= Problem description =
Transcribe the following entries word for word; no picture is to appear in the copy.

= Given data =
□ □ □ □ □

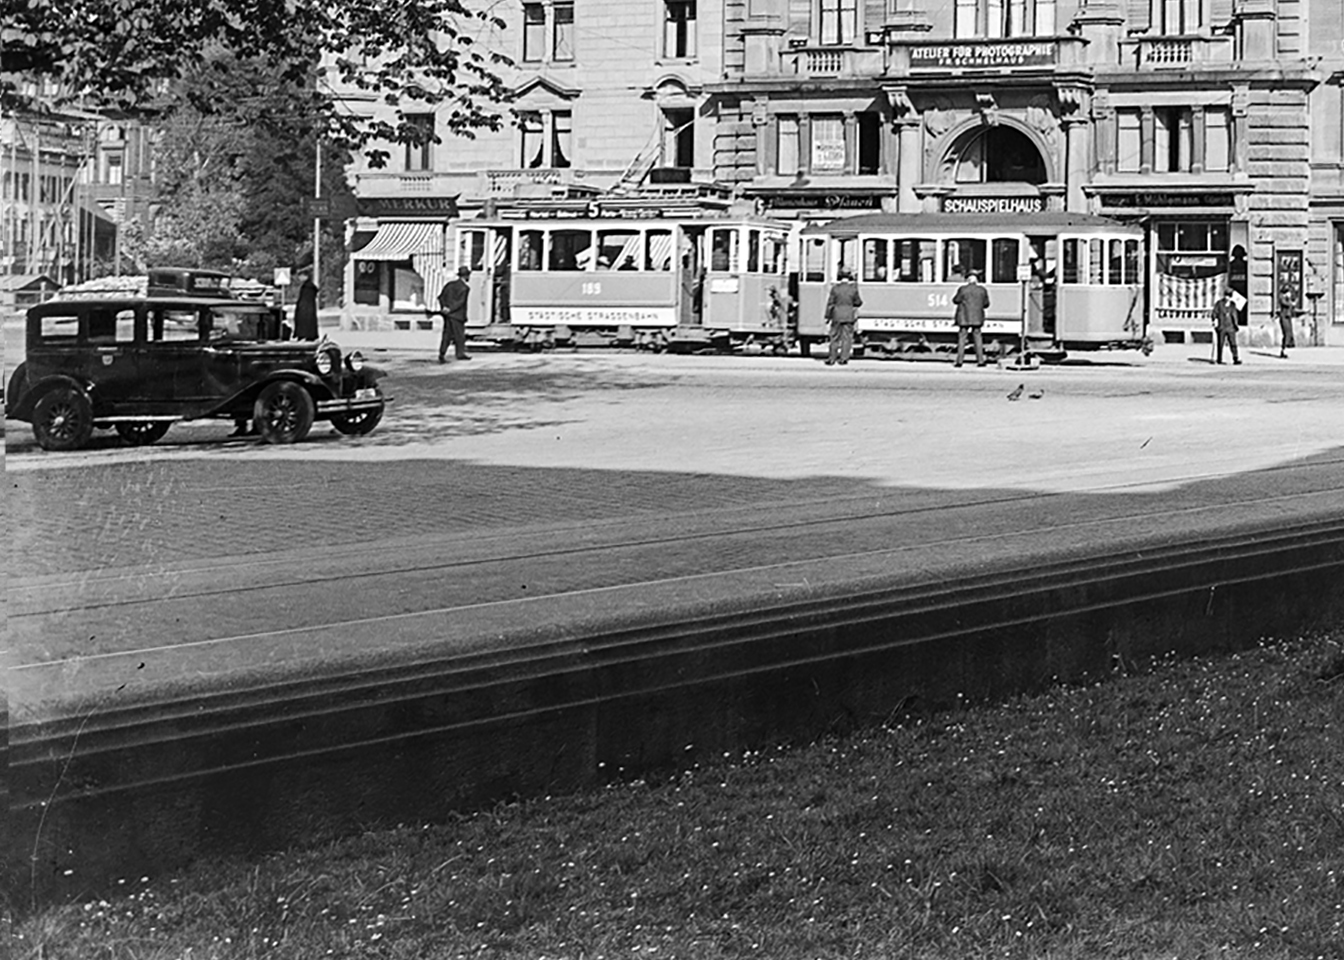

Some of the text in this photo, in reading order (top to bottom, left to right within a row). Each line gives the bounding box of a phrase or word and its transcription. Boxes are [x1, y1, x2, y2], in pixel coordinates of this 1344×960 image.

[911, 46, 950, 59] ATELIER
[974, 44, 1053, 58] PHOTOGRAPHIE
[378, 198, 452, 211] MERKUR
[588, 202, 600, 218] 5
[944, 198, 1042, 213] SCHAUSPIELHAUS
[927, 293, 949, 307] 514
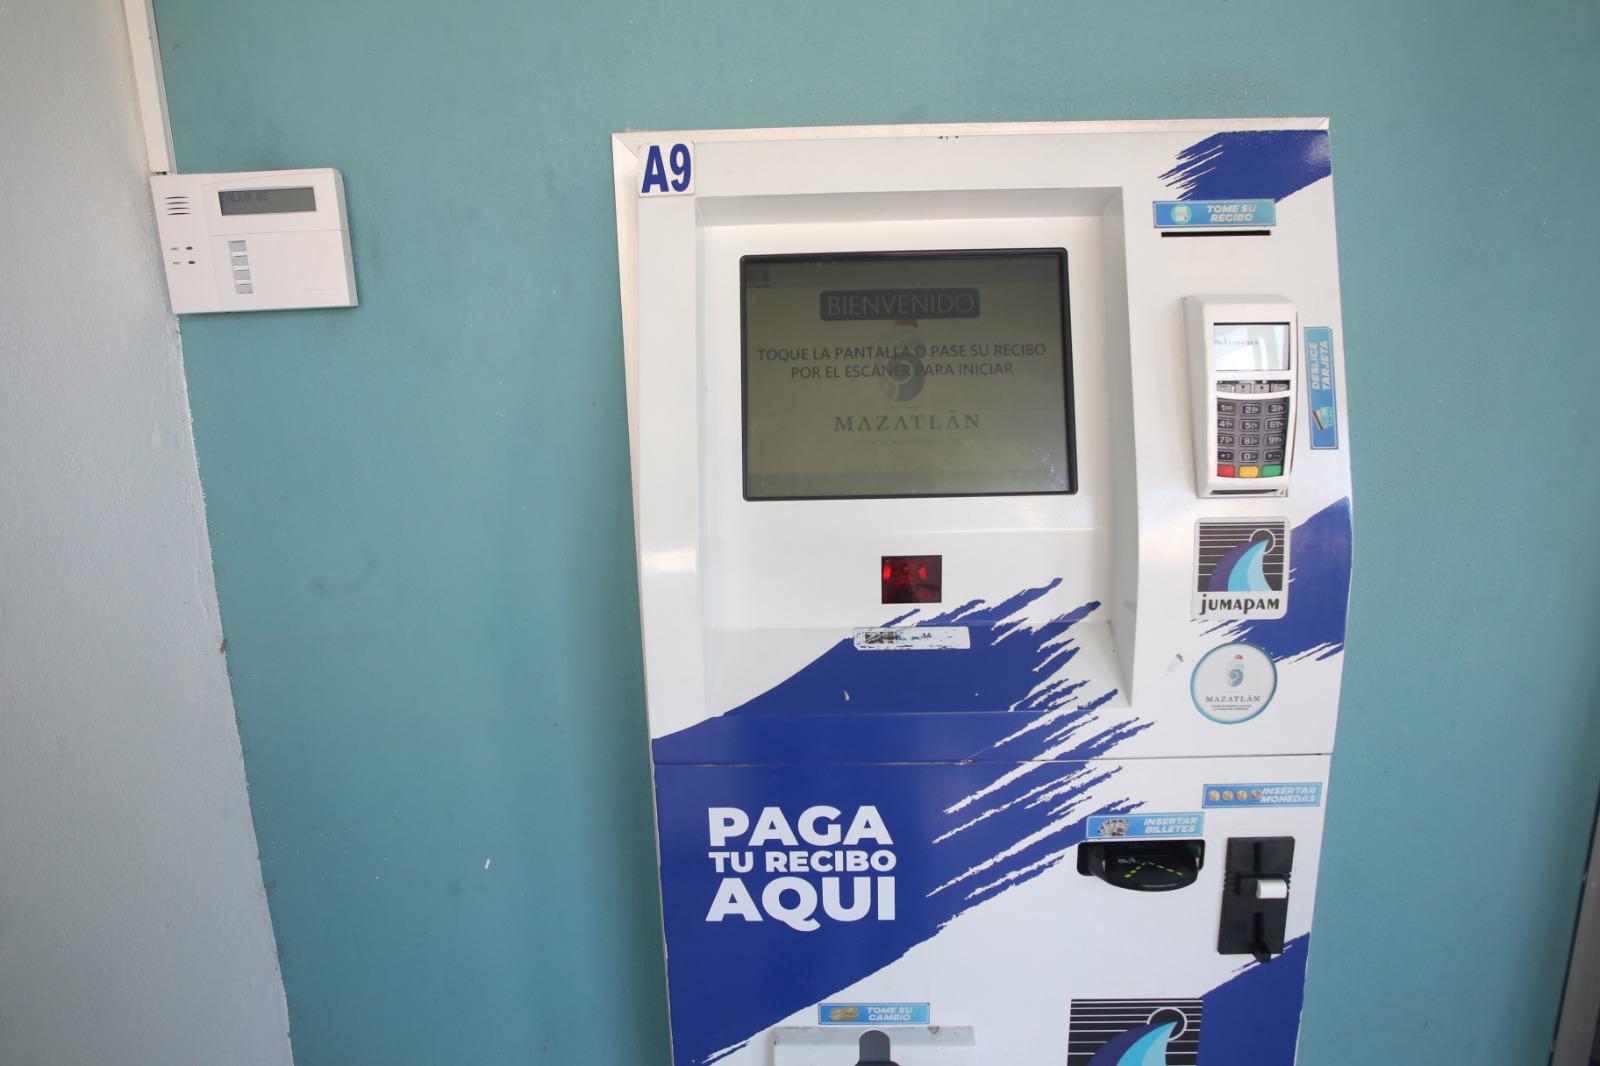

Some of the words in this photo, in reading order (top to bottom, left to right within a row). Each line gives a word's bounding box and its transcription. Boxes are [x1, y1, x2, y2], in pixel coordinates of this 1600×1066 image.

[641, 143, 691, 193] A9
[1207, 204, 1239, 214] TOME
[1241, 204, 1256, 213] SU
[1210, 213, 1253, 222] RECIBO
[827, 293, 974, 316] BIENVENIDO
[757, 347, 809, 363] TOQUE
[813, 347, 831, 360] LA
[835, 345, 913, 360] PANTALLA
[915, 344, 926, 358] O
[930, 344, 966, 358] PASE
[970, 344, 989, 357] SU
[994, 343, 1046, 357] RECIBO
[791, 366, 822, 379] POR
[825, 366, 841, 378] EL
[916, 363, 955, 377] PARA
[959, 362, 1014, 376] INICIAR
[1309, 341, 1320, 389] DESLICE
[1320, 341, 1331, 390] TARJETA
[1260, 795, 1316, 803] MONEDAS
[1262, 787, 1316, 796] INSERTAR
[708, 805, 894, 847] PAGA
[1144, 817, 1198, 826] INSERTAR
[1145, 825, 1196, 833] BILLETES
[709, 851, 754, 873] TU
[765, 850, 897, 873] RECIBO
[705, 876, 896, 932] AQUI
[867, 1006, 896, 1014] TOME
[899, 1006, 912, 1014] SU
[868, 1013, 911, 1022] CAMBIO

□ □ □ □ □

= Exercise answer =
Some of the text in this photo, in reading order (top to bottom, left to right within a row). Each line gives the bounding box of a phrase or word and its transcription. Boxes are [x1, y1, x2, y2], in pixel coordinates of this 1344×960 image.

[911, 46, 950, 59] ATELIER
[974, 44, 1053, 58] PHOTOGRAPHIE
[378, 198, 452, 211] MERKUR
[588, 202, 600, 218] 5
[944, 198, 1042, 213] SCHAUSPIELHAUS
[927, 293, 949, 307] 514

Some of the words in this photo, in reading order (top to bottom, left to right within a row). Each line gives a word's bounding box and its transcription. Boxes are [x1, y1, x2, y2], in pixel coordinates of this 1600×1066 image.

[641, 143, 691, 193] A9
[1207, 204, 1239, 214] TOME
[1241, 204, 1256, 213] SU
[1210, 213, 1253, 222] RECIBO
[827, 293, 974, 316] BIENVENIDO
[757, 347, 809, 363] TOQUE
[813, 347, 831, 360] LA
[835, 345, 913, 360] PANTALLA
[915, 344, 926, 358] O
[930, 344, 966, 358] PASE
[970, 344, 989, 357] SU
[994, 343, 1046, 357] RECIBO
[791, 366, 822, 379] POR
[825, 366, 841, 378] EL
[916, 363, 955, 377] PARA
[959, 362, 1014, 376] INICIAR
[1309, 341, 1320, 389] DESLICE
[1320, 341, 1331, 390] TARJETA
[1260, 795, 1316, 803] MONEDAS
[1262, 787, 1316, 796] INSERTAR
[708, 805, 894, 847] PAGA
[1144, 817, 1198, 826] INSERTAR
[1145, 825, 1196, 833] BILLETES
[709, 851, 754, 873] TU
[765, 850, 897, 873] RECIBO
[705, 876, 896, 932] AQUI
[867, 1006, 896, 1014] TOME
[899, 1006, 912, 1014] SU
[868, 1013, 911, 1022] CAMBIO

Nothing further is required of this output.